I once read an article about the “Ten Rules of Writing Fiction” and one of them was to never begin the story with the weather. What if the very thing you needed to write about was central to the story you are about to tell? I meant, if your character is stuck on a road in a remote part of the Yukon, in the dead of winter, weather will be central to the plot. And, a great opening would be: “It was one of those white-outs in Yukon Territory where the blizzard fought for dominance over the impending wind and freezing rain.” Would you not get a visible image of that scene – even if you lived in Bali?

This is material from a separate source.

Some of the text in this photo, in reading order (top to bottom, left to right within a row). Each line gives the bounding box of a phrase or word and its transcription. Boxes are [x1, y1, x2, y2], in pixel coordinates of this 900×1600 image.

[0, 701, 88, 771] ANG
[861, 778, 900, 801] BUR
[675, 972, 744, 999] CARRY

Dorothy Parker once famously quipped, “If you have any young friends who aspire to become writers, the second-greatest favor you can do them is to present them with copies of The Elements of Style. The first-greatest, of course, is to shoot them now, while they’re happy.”

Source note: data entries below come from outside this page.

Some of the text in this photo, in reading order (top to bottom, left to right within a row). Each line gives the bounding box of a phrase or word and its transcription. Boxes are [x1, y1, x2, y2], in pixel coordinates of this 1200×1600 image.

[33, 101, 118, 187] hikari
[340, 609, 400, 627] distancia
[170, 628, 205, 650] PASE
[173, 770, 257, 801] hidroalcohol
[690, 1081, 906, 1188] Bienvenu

Rarely is a Parker quip a compliment, but, speaking of the “Style” Bible, it’s been over one hundred years after the birth of E.B. White and good number of years after I first encountered his classic style guide (originally written by William Strunk Jr. in 1918 – but much expanded by White), it may be time to admit that it’s not all it is cracked up to be.
"Don’t use active voice, paragraphs should be more than one sentence, place yourself in the background, avoid foreign languages; stay clear of accents"... Nabokov’s novels are full of foreign languages, and if Nabokov did it, it can’t be that wrong.
Then, there is Rule Sixteen which implores the writer to “prefer the specific to the general, the definite to the vague, the concrete to the abstract.” The book presents two examples, the first, in each, being “wrong:”
A period of unfavorable weather set in.
It rained every day for a week.
He showed satisfaction as he took possession of his well-earned reward.
He grinned as he pocketed the coin.
Excuse me, but I prefer “a period of unfavorable weather set in,” if only because it’s less usual and banal.
Recently, the New York Times attempted to explain Jane Austen’s enduring popularity by unpacking her word choices – what they discovered was that Austen had a propensity for words like: quite, really and very – the sort that writers are urged to avoid if they want muscular prose. So, writers are to avoid the very language that has made Jane one of the most beloved writers of all time?
Professional writers probably won’t be tied to any rule book, but, students will need to be taught that clarity is king – still, rules learned early on can be tough to shake, and most of us learned, at least a little, from Strunk & White. I understand that writing teachers know that most people need to master the rules before they can break them. But, as a reader, I prefer the offbeat to the standard – in word choice, in subject matter and in structure.
I think my greatest rule is that a piece of writing should follow a path – if readers don’t have a path to follow, they will get lost. Truth is paradox – in the greatest story ever told, the universe was created “as something out of nothing” – the first and most basic creation metaphor. Opposing ideas form the tension of its very premise. My point, there is no writing guide that can teach you style with any skill – it is in choosing which rules to learn and which to break – to what end – that you can begin to construct your own.